STJ fixa prazo de 90 dias para impugnar sentença arbitral, inclusive na fase de execução
A 3ª Turma do Superior Tribunal de Justiça, no julgamento do REsp nº 2.212.083, reafirmou que o prazo de 90 dias previsto no art. 33, § 1º, da Lei 9.307/1996 aplica-se tanto à ação anulatória quanto à impugnação apresentada na fase de cumprimento de sentença. Decorrido esse período, a parte perde o direito de questionar a validade da sentença arbitral, restando apenas a possibilidade de suscitar matérias estritamente processuais relacionadas à execução.
No caso concreto, o executado tentou alegar nulidade da cláusula compromissória e do procedimento arbitral apenas quando já estava sendo cobrado judicialmente.
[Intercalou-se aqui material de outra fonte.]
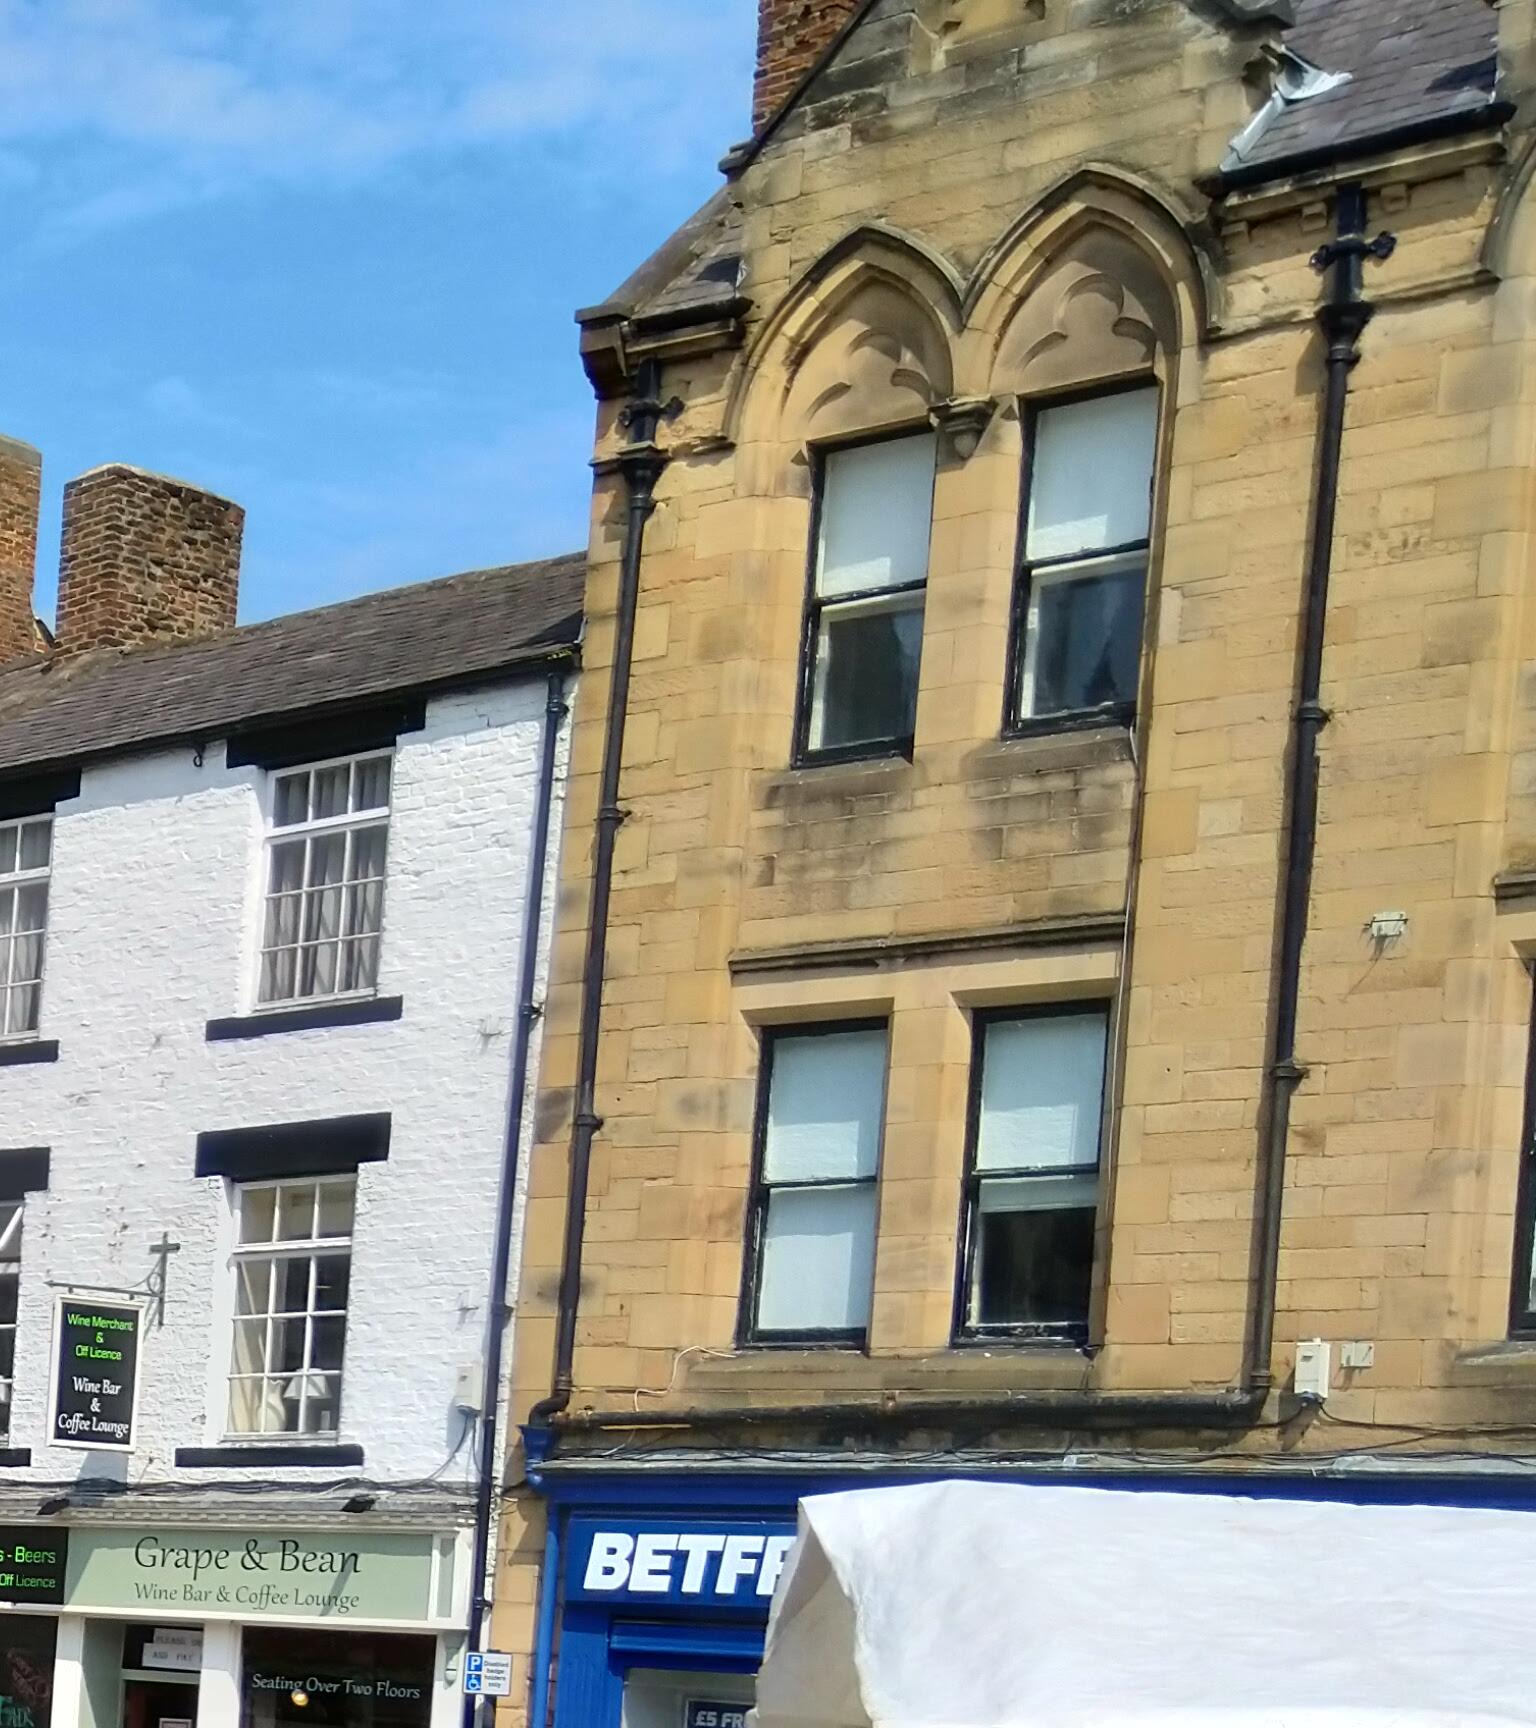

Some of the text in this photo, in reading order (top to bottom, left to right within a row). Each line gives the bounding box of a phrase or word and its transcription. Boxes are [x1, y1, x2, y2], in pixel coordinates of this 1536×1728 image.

[67, 1313, 134, 1331] Wine Merchant
[96, 1332, 104, 1343] &
[75, 1344, 122, 1361] Off Licence
[72, 1376, 122, 1395] Wine Bar
[90, 1397, 101, 1413] &
[58, 1413, 129, 1439] Coffee Lounge
[15, 1546, 56, 1564] Beers
[134, 1536, 361, 1581] Grape & Bean
[15, 1574, 56, 1588] Licence
[134, 1583, 360, 1614] Wine Bar & Coffee Lounge
[252, 1673, 421, 1699] Seating Over Two Floors
[695, 1711, 746, 1728] £5 FR
O Tribunal de Justiça de São Paulo reconheceu a decadência, entendimento que foi mantido pelo STJ. Segundo o relator, a possibilidade de discutir a nulidade na própria execução não transforma a impugnação em uma via sem prazo, nem cria uma “segunda oportunidade” para revisar a arbitragem.
A Corte destacou que, após o prazo legal, a defesa do executado fica restrita às matérias previstas no art. 525, § 1º, do Código de Processo Civil, como questões relativas ao pagamento ou a vícios da própria execução, vedada a rediscussão da validade da sentença arbitral.
O precedente reforça a lógica de estabilidade e definitividade da arbitragem. Para empresas que utilizam esse mecanismo como ferramenta de solução de conflitos, a decisão evidencia a importância de atuação imediata após a notificação da sentença, com avaliação técnica célere sobre eventual medida anulatória.